2.2 Introduction d’une méthode quantitative en MTE

Au fil des entrevues et des observations, nous observions des « effets » de la région, c’est-à-dire des représentations de la région telle qu’elle apparaissait dans le discours avec une certaine agentivité. Par exemple, le poids des budgets alloués était un thème majeur : « Des clients bornés, il y en a partout. Mais peut-être qu’en région, ils ont moins d’argent » (Katherine, designer graphique, Agence K). Ces considérations faisaient émerger le poids de la région, incarné dans ces clients qui n’auraient pas les moyens ni l’ambition de clients métropolitains :

Si je travaille avec Marie-Chantal, des budgets où, t’sais (...), elle est habituée de travailler à Montréal, des plus gros budgets puis tout ça. Moi j’ai des clients, j’ai un gros réseau en restauration puis tout ça, je ne peux pas offrir des posters à 700 $ pour le visuel, là

Hubert, directeur de compte, Agence K

Le discours des employés est donc marqué par l’expérience d’une créativité régionale minorée, qui n’était pas celle des grands centres. Nous ne savions toutefois pas si ces considérations étaient idiosyncrasiques de l’Agence K et de l’Agence L. Bien que nous n’ayons pas pris le chemin socioéconomique parfois dicté par les approches des industries créatives, nous avons vu la nécessité de prendre en compte les vecteurs d’une régionalité pour mieux comprendre la culture sur les plans organisationnel et individuel. Aussi avons-nous intégré dans notre protocole un questionnaire diffusé en ligne. Ce questionnaire a connu une participation totale de 387 participants, avec une participation nette de 187 personnes, dont 100 ont rempli l’entièreté du sondage. Au final, au moins 55 agences différentes sont représentées dans le sondage[10], couvrant l’ensemble du Québec. Conçu à la suite des premiers entretiens avec les membres de l’Agence K, puis peaufiné après les rencontres sur le terrain avec l’Agence L, ce questionnaire de 33 questions a permis de valider de façon plus globale certains phénomènes observés lors des études de cas, et ainsi pallier le caractère parfois local de nos deux études de cas.

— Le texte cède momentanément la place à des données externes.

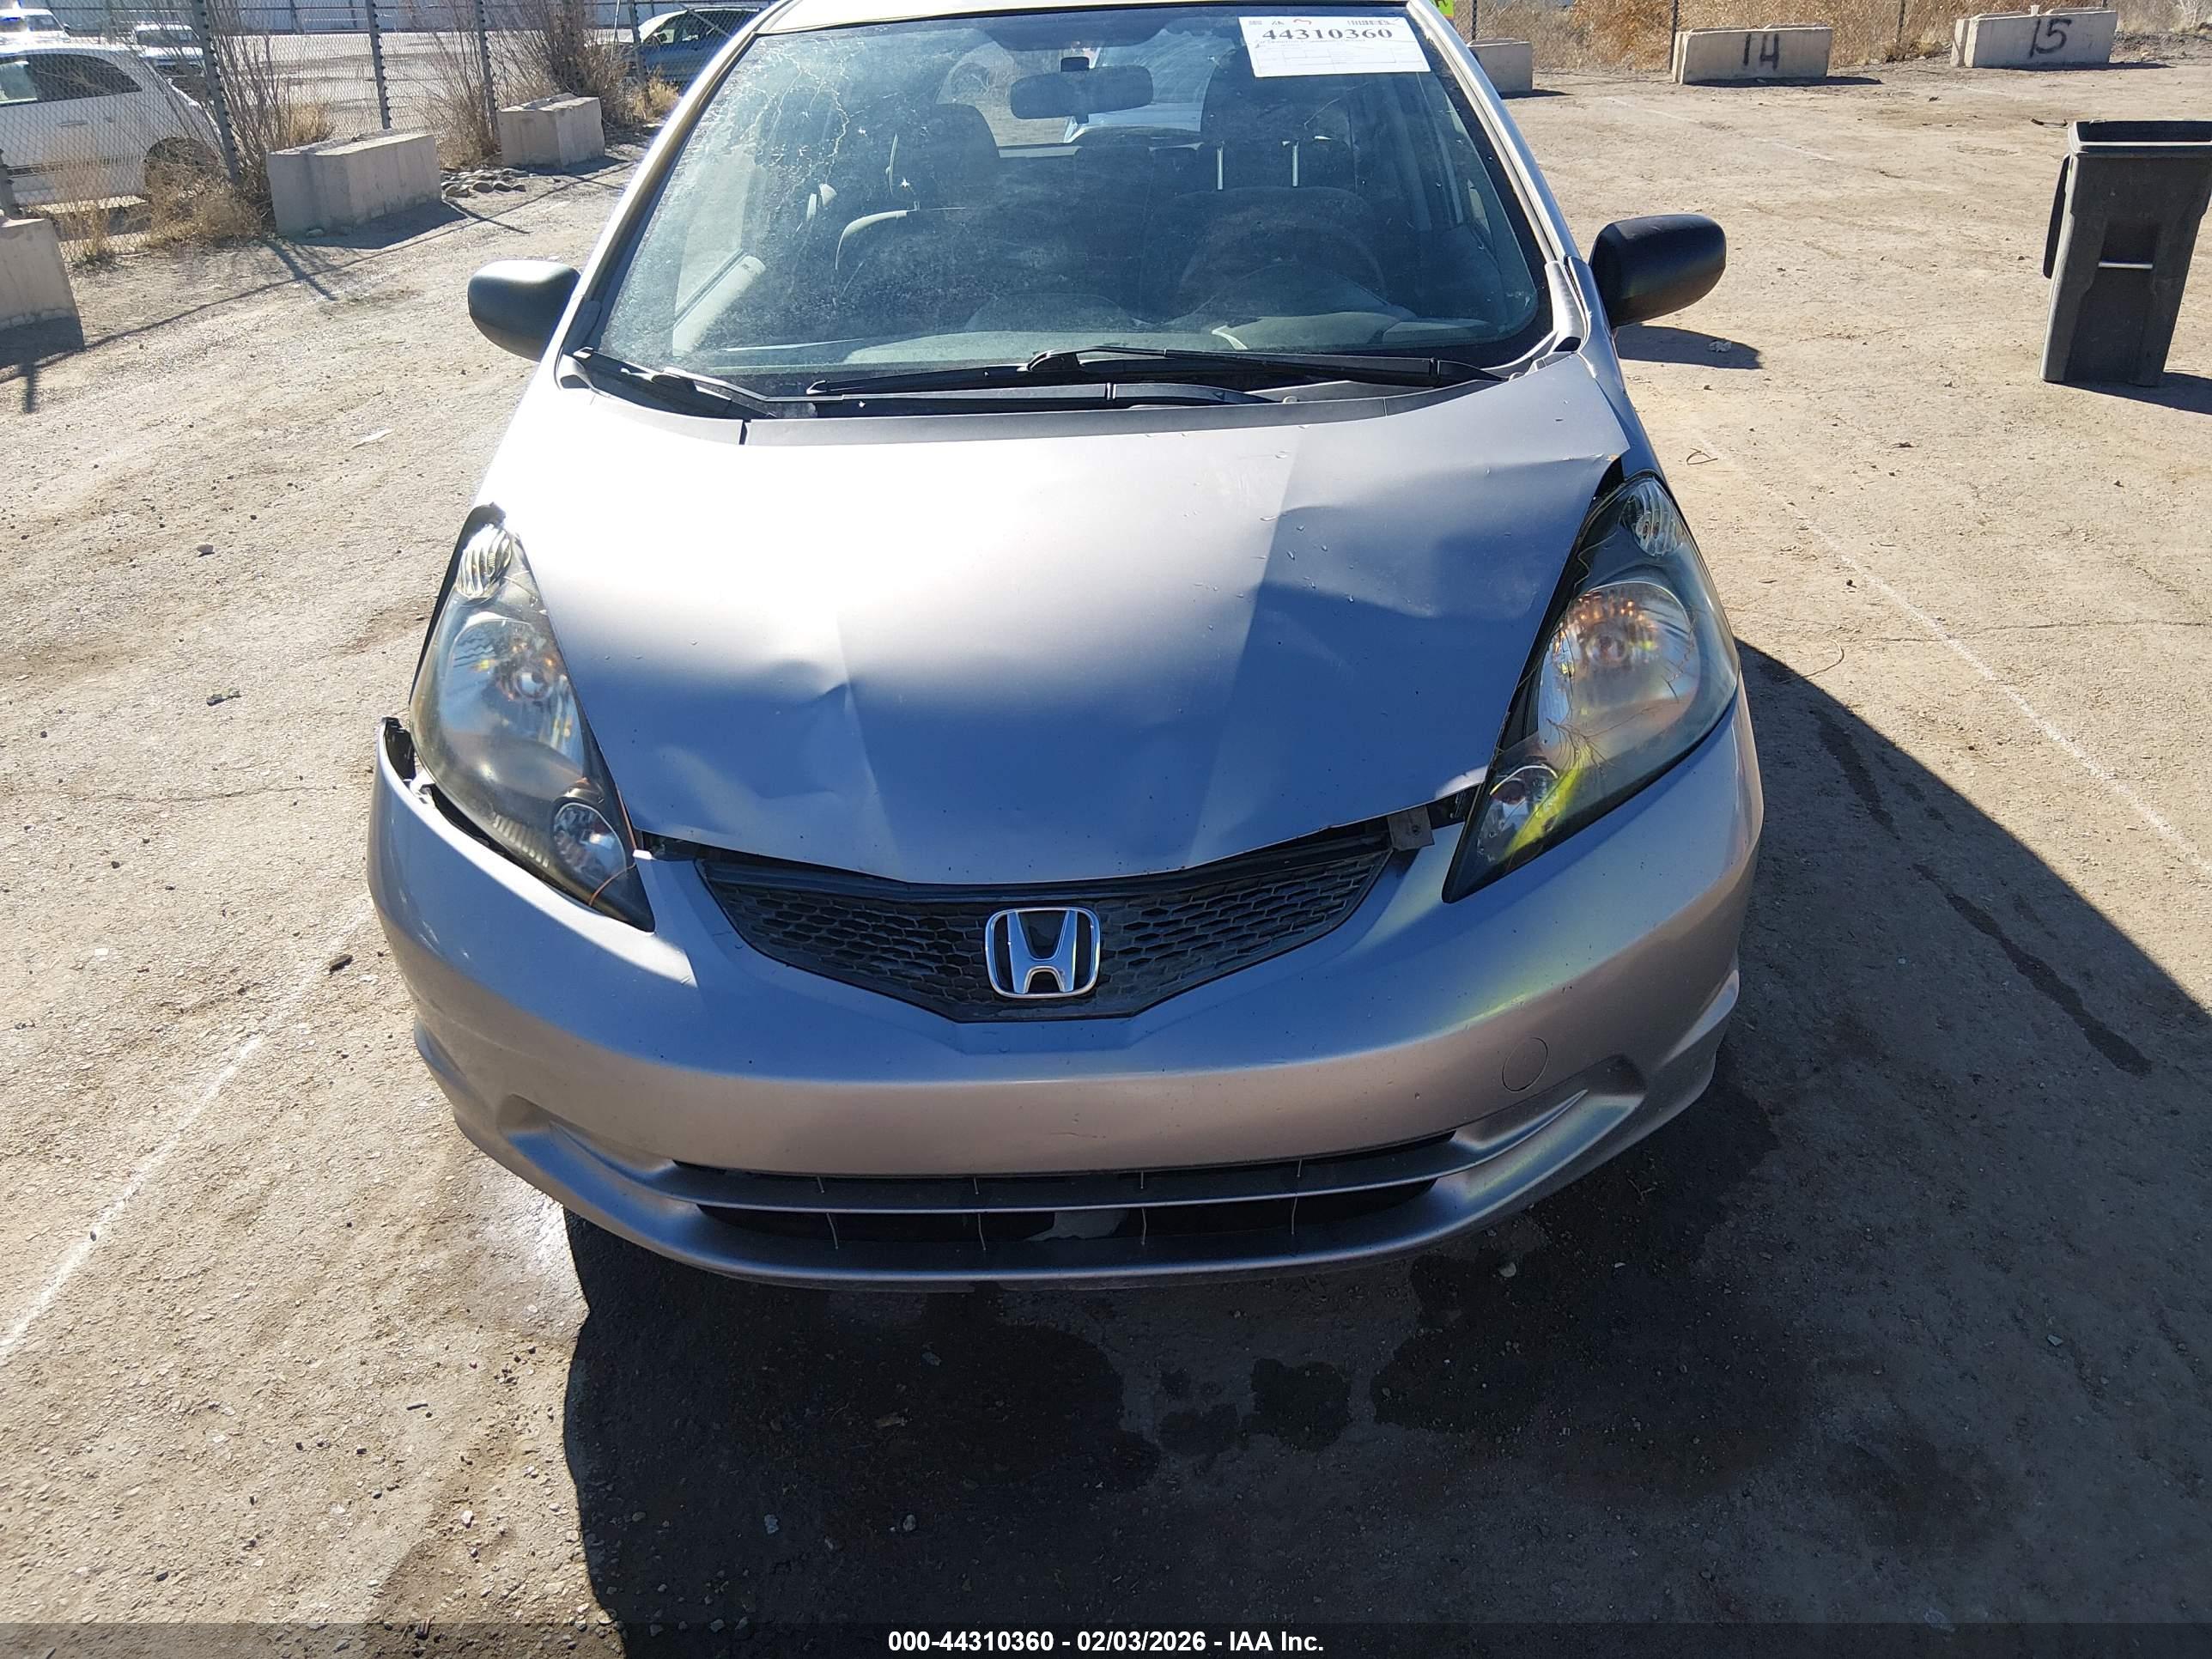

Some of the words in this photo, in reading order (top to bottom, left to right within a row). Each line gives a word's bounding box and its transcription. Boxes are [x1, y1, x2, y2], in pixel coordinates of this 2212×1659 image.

2.2.1 Coconstruire avec les participants : comment le qualitatif nourrit le quantitatif

Dans les protocoles séquentiels mixtes exploratoires, comme le nôtre, l’introduction de données quantitatives se fait souvent dans un souci de complémentarité ou de triangulation des données issues d’une première phase qualitative (Larivière & Corbière, 2014). Or, au regard de la MTE, les données quantitatives participent de la richesse de la théorie produite :

Dans de nombreuses situations, les deux formes de données sont nécessaires, non pas pour tester des données qualitatives à partir de données quantitatives, mais de façon complémentaire, comme vérification réciproque et, le plus important pour nous, comme formes différentes de données portant sur le même sujet. Lorsqu’on les compare, chacune contribue à produire de la théorie

Glaser & Strauss, 2010, p. 126

À cet égard, nous avons fait de la conception du sondage un objet de coconstruction qui nous a permis de relever certains phénomènes que nous n’aurions peut-être pas découverts autrement. Par exemple, un thème s’est rapidement imposé lors des premiers entretiens à savoir que les clients en région plombent la créativité, ce qui en soi est inhérent au travail créatif (Koslow, Sasser, & Riordan, 2006) et pas seulement à celui en région. Toutefois, au moment de tester le questionnaire auprès des participants des deux agences, ceux-ci ont relativisé l’importance de cette figure du « client régional », comme dans ce passage où Katherine rappelle, non sans ironie, que des clients ont des goûts discutables, peu importe la région :

Y’en a aussi à Montréal des « rois de la frite » (...) J’ai fait mon premier napperon de Chevalier de Colomb à Montréal. Je sais que c’est peu importe tu es où, il y en a [qui] n’ont pas les mêmes goûts que toi, pour rester polie

Katherine, designer graphique, Agence K, lors d’une discussion de groupe

Nous avons donc exploré plus avant avec les participants ce qui pourrait plomber la créativité en région. Il appert que ces derniers considéraient que d’autres facteurs avaient une incidence : la connaissance ou la culture des clients, la culture ambiante de la région victime d’un nivellement par le bas ambiant, la difficulté d’aller plus loin que les attentes du client. Aussi avons-nous créé une question qui portait sur les défis de la création plutôt que de nous intéresser seulement aux thèmes des budgets et des clients. Alors que notre première version du questionnaire ne comportait qu’une seule question sur les clients, in fine, la version diffusée en intégrait trois, la première portant sur les facteurs ayant un effet sur la créativité en région (clients, relations avec les clients, connaissance des clients, conduite des affaires des clients, philosophie des agences), la seconde sur la qualité créative ambiante en région et la troisième sur les défis en région.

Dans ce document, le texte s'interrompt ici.